Keeping an open mind about therapeutic treatment

  • Newsletter Article
  • Published 19.10.2022

Goode v Racing NSW (2022 NSWPIC)

Link to Decision

Key Takeaways

In a decision from earlier this year, Member Wynyard awarded a worker the costs of relocating back to the UK following a serious spinal injury in NSW.

The Member held that owing to the reported physical and psychological benefits of accessing his UK-based support network of family and friends, relocating was ‘therapeutic treatment’ of the worker.

The evidence also satisfied the Member that the treatment was reasonably necessary, permitting an order for reimbursement of travel (relocation) costs under s60(2).

Brief Facts

The Applicant was rendered a paraplegic after falling from a horse in the course of his employment with Racing NSW.

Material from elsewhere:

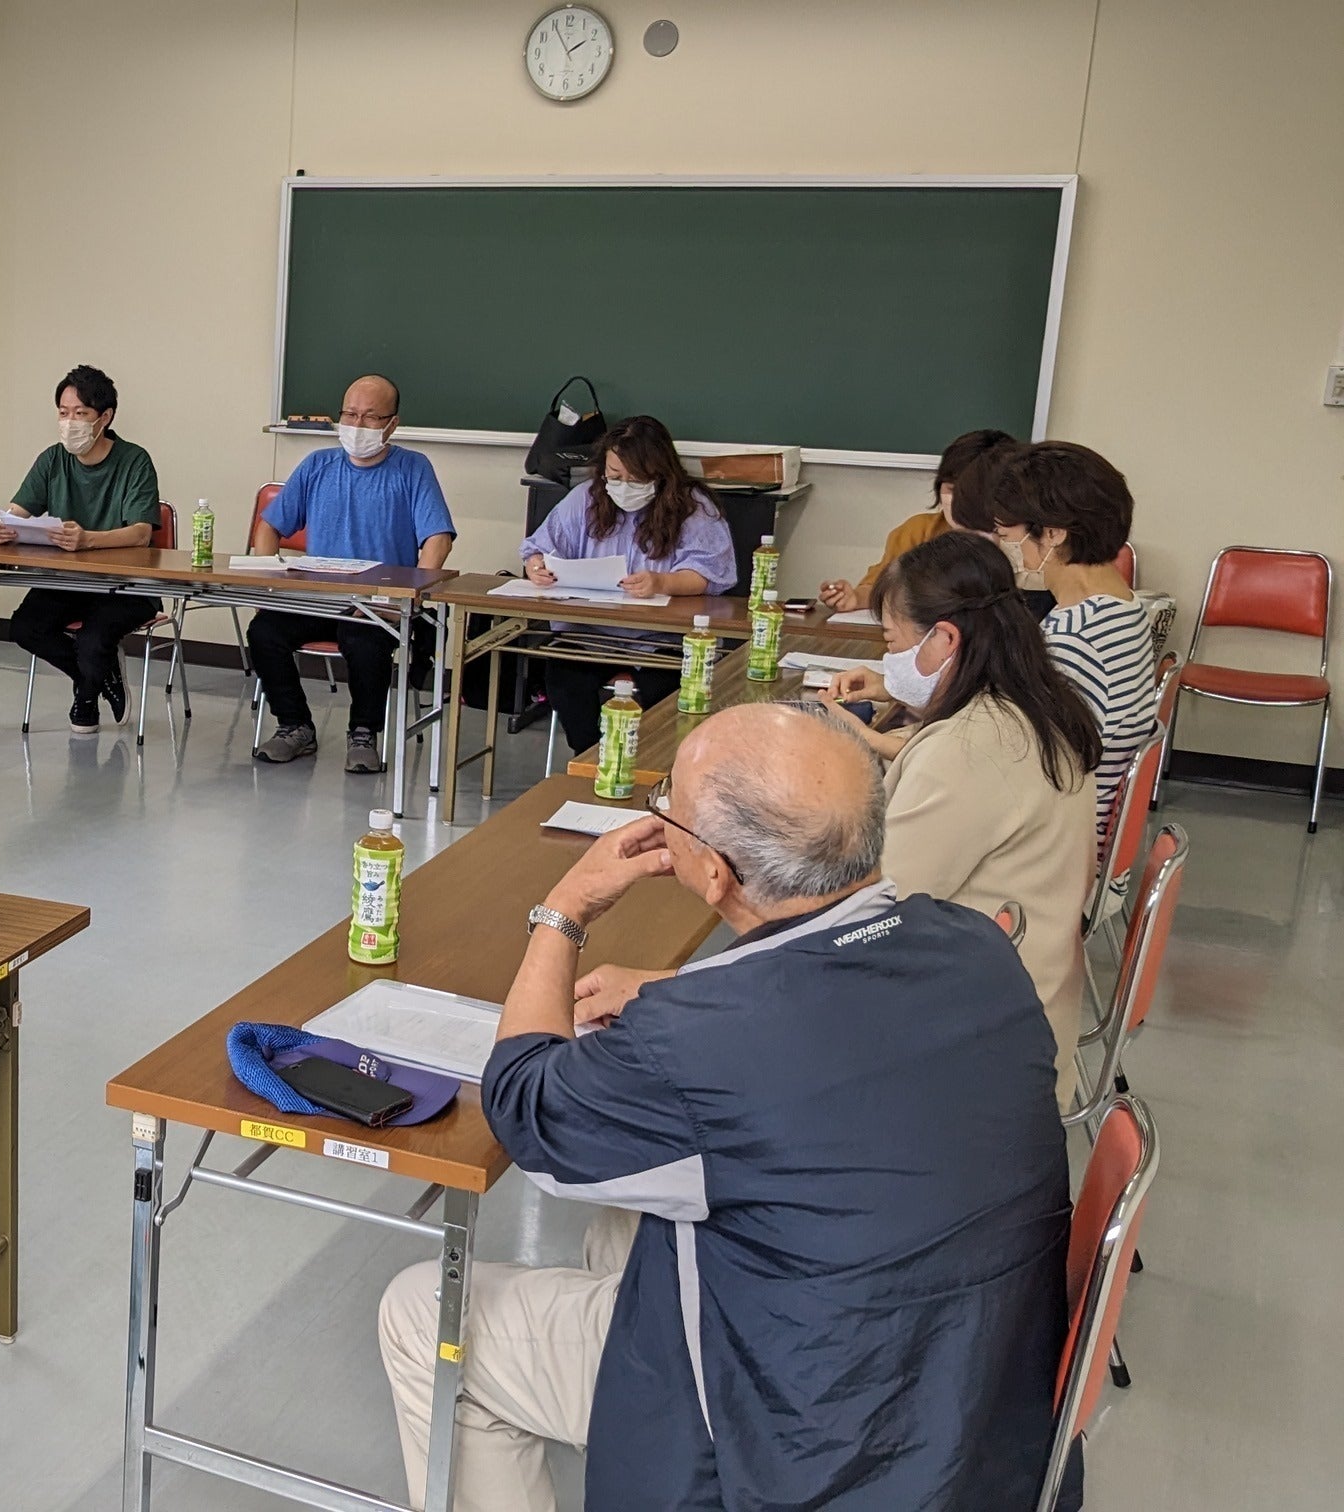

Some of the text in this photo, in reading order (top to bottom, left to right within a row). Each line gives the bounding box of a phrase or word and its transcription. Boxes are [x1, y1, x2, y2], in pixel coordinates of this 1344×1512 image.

He was originally from the UK and post-injury, returned home to be closer to family and friends.

He had asked the insurer to reimburse relocation costs, including business class flights, furniture removal and storage.

The Applicant argued that the relocation had been beneficial and therapeutic, relying on the physical and psychological benefits of his support network in the UK.

The Respondent defended the claim, arguing that the claimed expenses fell outside the scope of medical or hospital treatment and rehabilitation as defined in s59 of the Workers Compensation Act 1987 (1987 Act).

It was also argued that the travelling expenses were not payable under s60(2) in that the need for travel was not connected with obtaining treatment.

Judgment

The Applicant argued that the relocation costs fell within s59(b): therapeutic treatment given by direction of a medical practitioner. 

Member Wynyard agreed, referring to the well-known judgment of Burke CCJ in Rose v Health Commission (NSW) (1986 NSWCCR) and the more recent decision of DP Michael Snell in State of New South Wales (Central Coast Local Health District) v Bunce (2020 NSWWCCPD) and noting that:

  • Treatment, in the medical or therapeutic context relates to the management of a disease or injury, and is designed to alleviate, cure or remedy the condition
  • Treatment is not restricted to the provision of services
  • As a beneficial provision, any ambiguity in the operation of s59 should be given a construction favourable to the worker

It was held therefore, that the therapeutic effect of the relocation constituted ’medical and related treatment’ as provided by the opening words of s59.

Additionally, and upon finding that the relocation was reasonably necessary, the relocation costs were awarded noting that s60(2) requires an employer to pay ’the cost to the worker of any fares, travelling expenses and maintenance necessarily and reasonably incurred by the worker in obtaining the treatment’.

Implications

It is well understood that the definitions in s59 of the 1987 Act are exhaustive (Thomas v Ferguson Transformers Pty Ltd (1979 1NSWLR)). Accordingly, expenses are only compensable if it can be shown that they fall within the ambit of that provision.

The Commission, and the Compensation Court before it, continue to demonstrate a willingness to apply a broad interpretation of the term ‘treatment’, requiring employers and insurers to keep an open mind about the ways in which the effects of an injury might be alleviated.